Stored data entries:
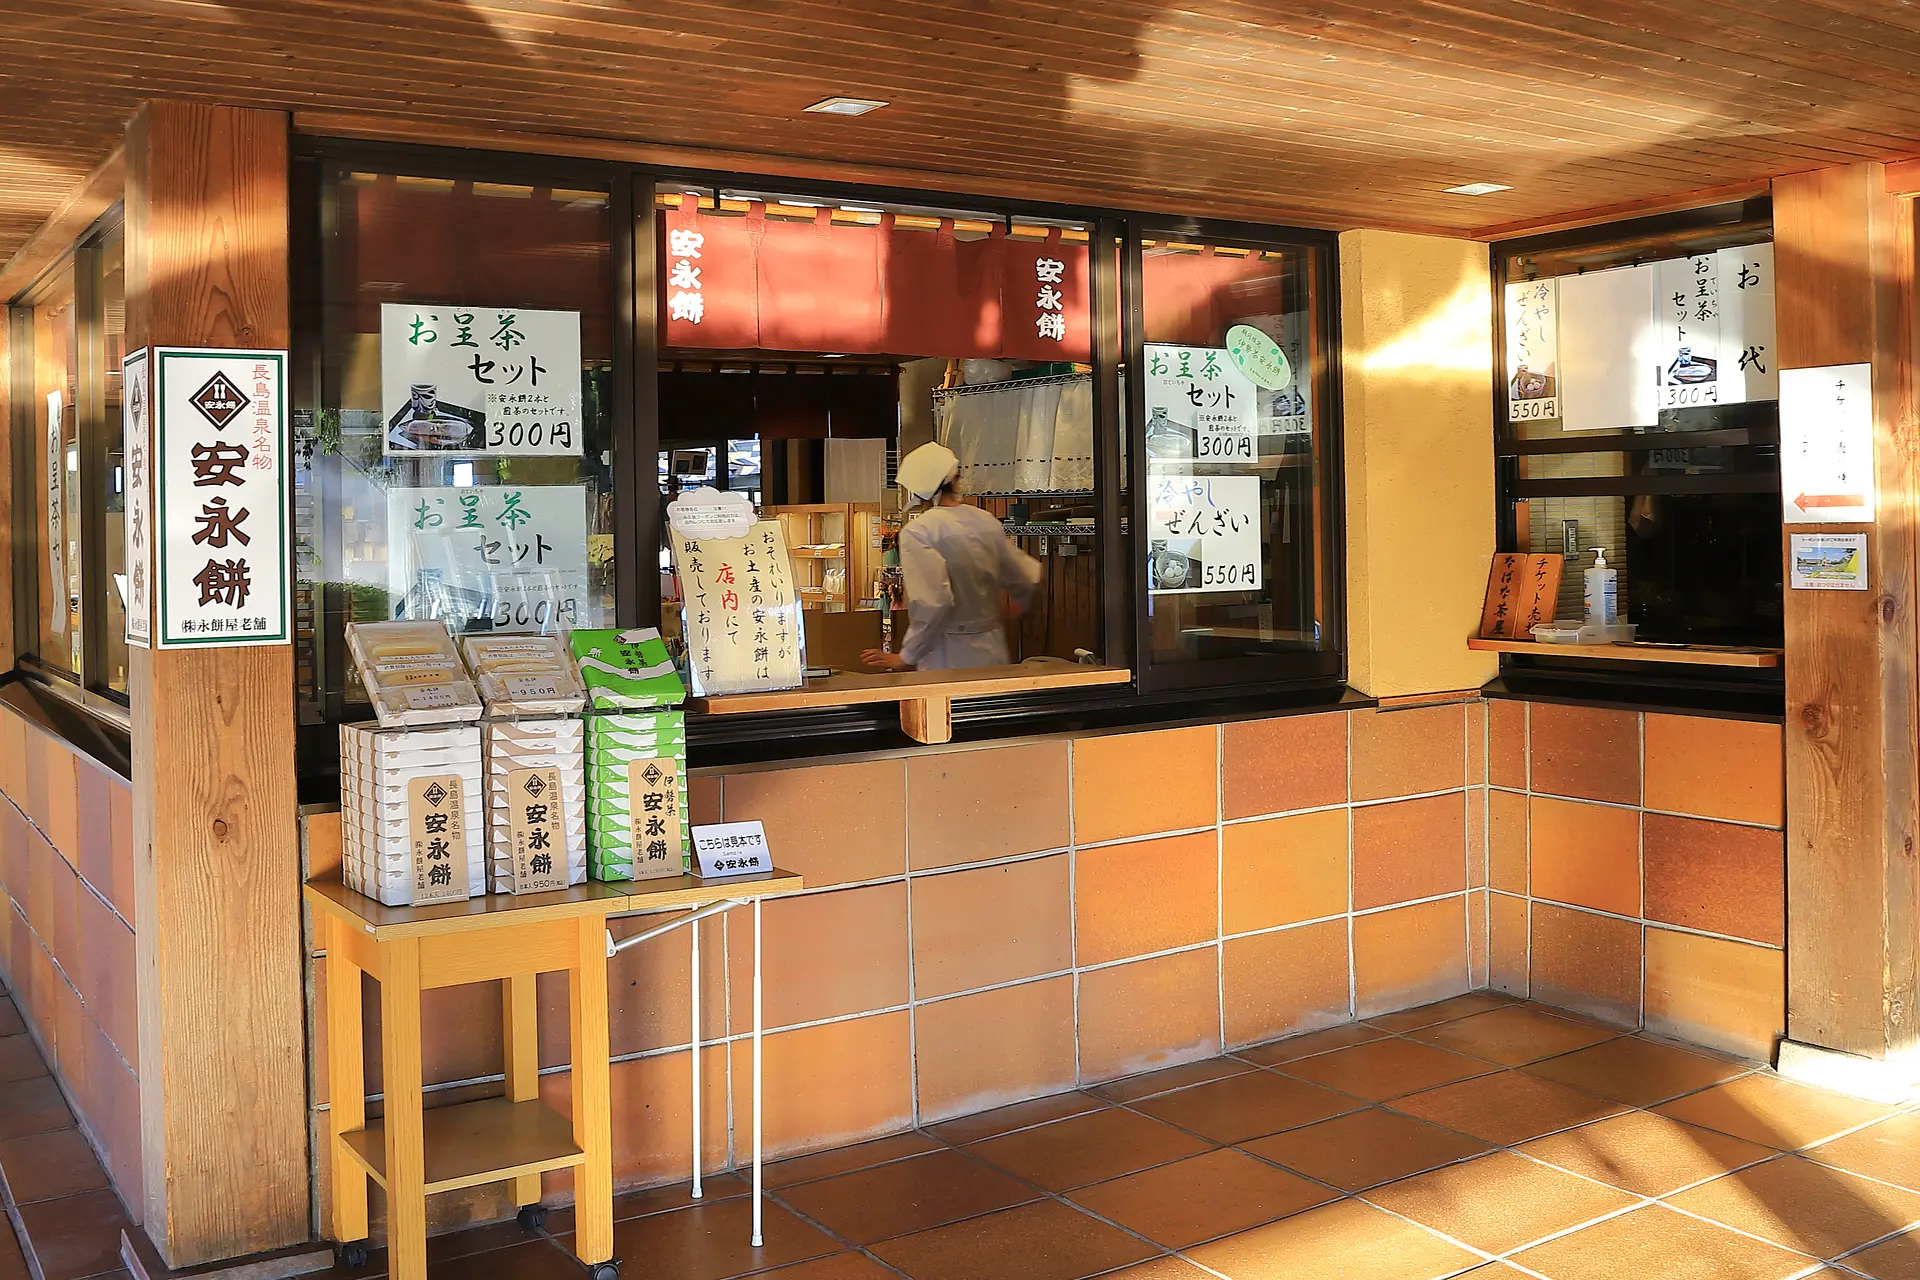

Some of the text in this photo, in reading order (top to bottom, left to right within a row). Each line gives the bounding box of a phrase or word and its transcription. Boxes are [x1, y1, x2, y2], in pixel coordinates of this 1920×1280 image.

[669, 228, 705, 325] 安永餅
[1694, 257, 1713, 322] お呈茶
[1035, 257, 1067, 342] 安永餅
[1533, 283, 1550, 343] 冷やし
[1672, 291, 1688, 342] セット
[408, 312, 526, 352] お呈茶
[1515, 290, 1532, 362] ぜんざい
[467, 353, 547, 387] セット
[1149, 350, 1223, 382] お呈茶
[251, 363, 273, 471] 長島温泉名物
[1186, 383, 1237, 409] セット
[1510, 400, 1556, 419] 550円
[1667, 385, 1718, 405] 300円
[488, 421, 572, 449] 300円
[1199, 436, 1252, 458] 300円
[414, 491, 532, 531] お呈茶
[1155, 478, 1216, 508] 冷やし
[190, 440, 251, 610] 安永餅
[1163, 508, 1249, 537] ぜんざい
[473, 533, 553, 565] セット
[762, 531, 792, 660] おそれいりますが
[1203, 563, 1256, 584] 550円
[494, 598, 578, 628] 300円
[684, 541, 715, 682] 販売しております
[715, 562, 739, 646] 店内にて
[742, 543, 770, 680] お土産の安永餅は
[519, 687, 556, 697] 950円
[448, 779, 461, 841] 長島温泉名物
[548, 771, 561, 831] 長島温泉名物
[525, 803, 552, 875] 安永餅
[643, 792, 667, 861] 安永餅
[698, 834, 762, 851] こちらは見本です
[424, 812, 452, 887] 安永餅
[725, 856, 760, 870] 安永餅
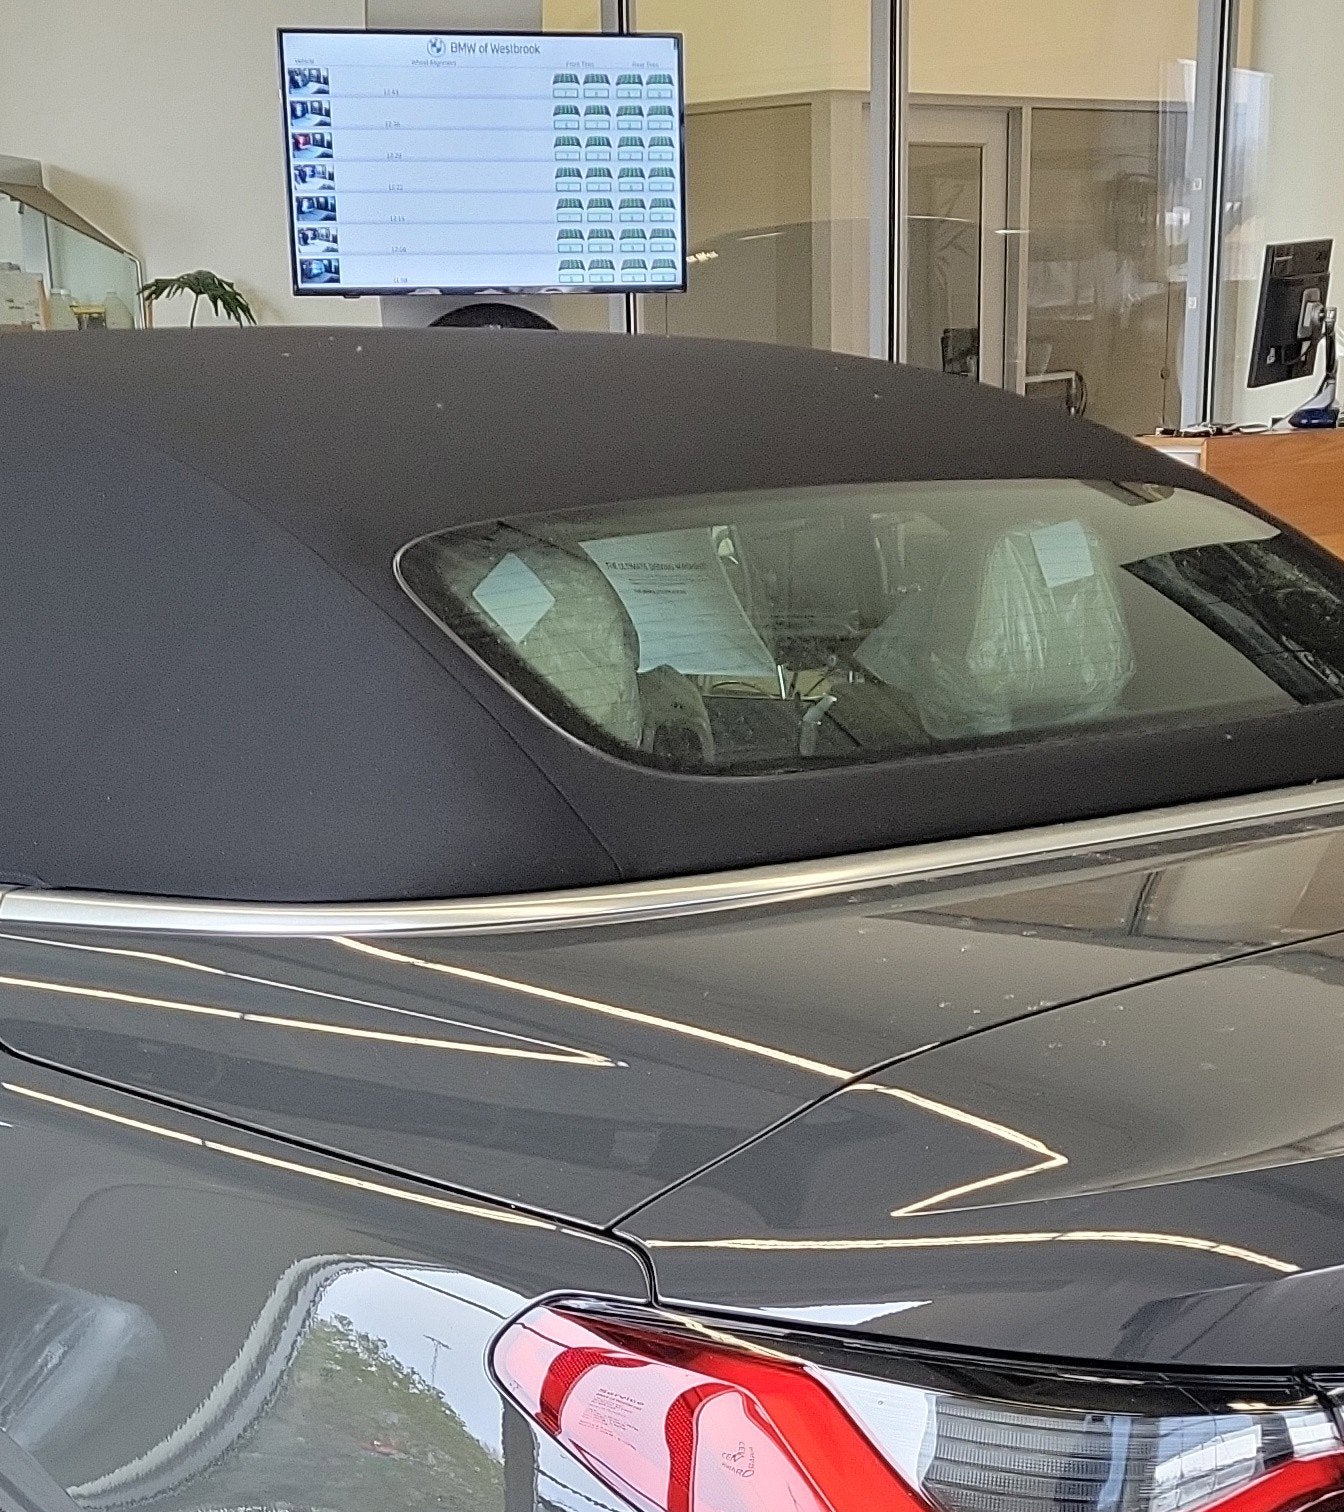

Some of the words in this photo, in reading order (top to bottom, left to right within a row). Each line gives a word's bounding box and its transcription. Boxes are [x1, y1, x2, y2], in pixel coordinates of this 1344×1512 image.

[450, 42, 476, 54] BMW
[478, 42, 488, 54] of
[490, 42, 541, 55] Westbrook
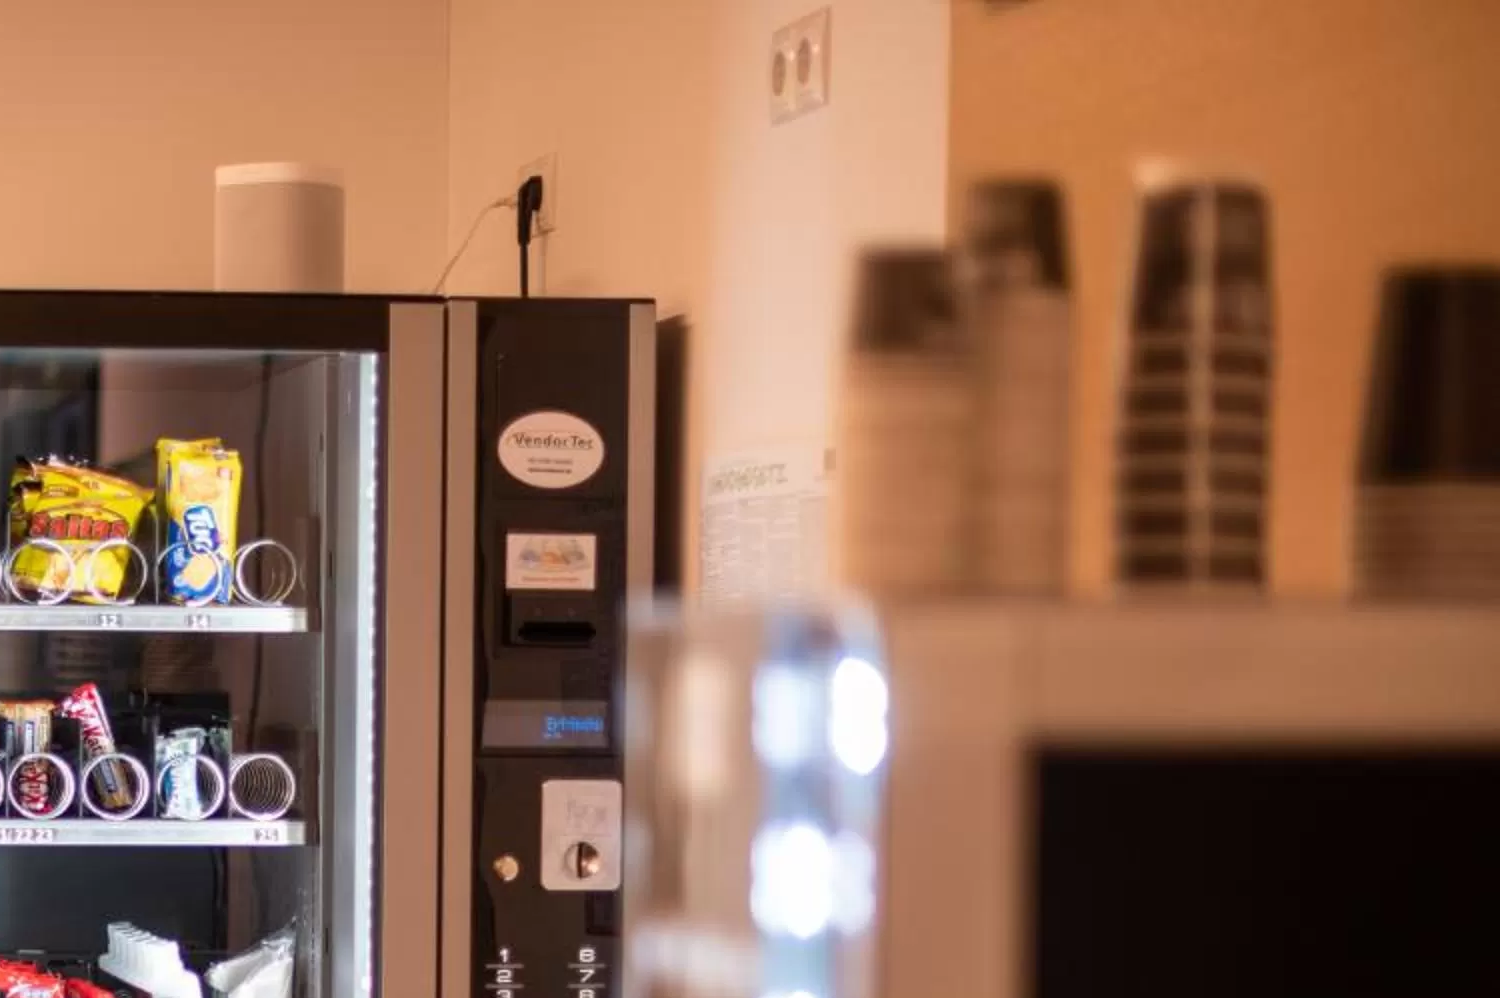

__TASK__:
Retype exactly the lines above, starting at the line containing "Some of the words" and ending with the last line, both included; leave out the pictures.

__RESPONSE__:
Some of the words in this photo, in reading order (top to bottom, left to right within a row). Each line gives a word's bounding box and its transcription. Boxes are [x1, y1, x2, y2], in pixel coordinates of this 1344×1512 image.

[450, 42, 476, 54] BMW
[478, 42, 488, 54] of
[490, 42, 541, 55] Westbrook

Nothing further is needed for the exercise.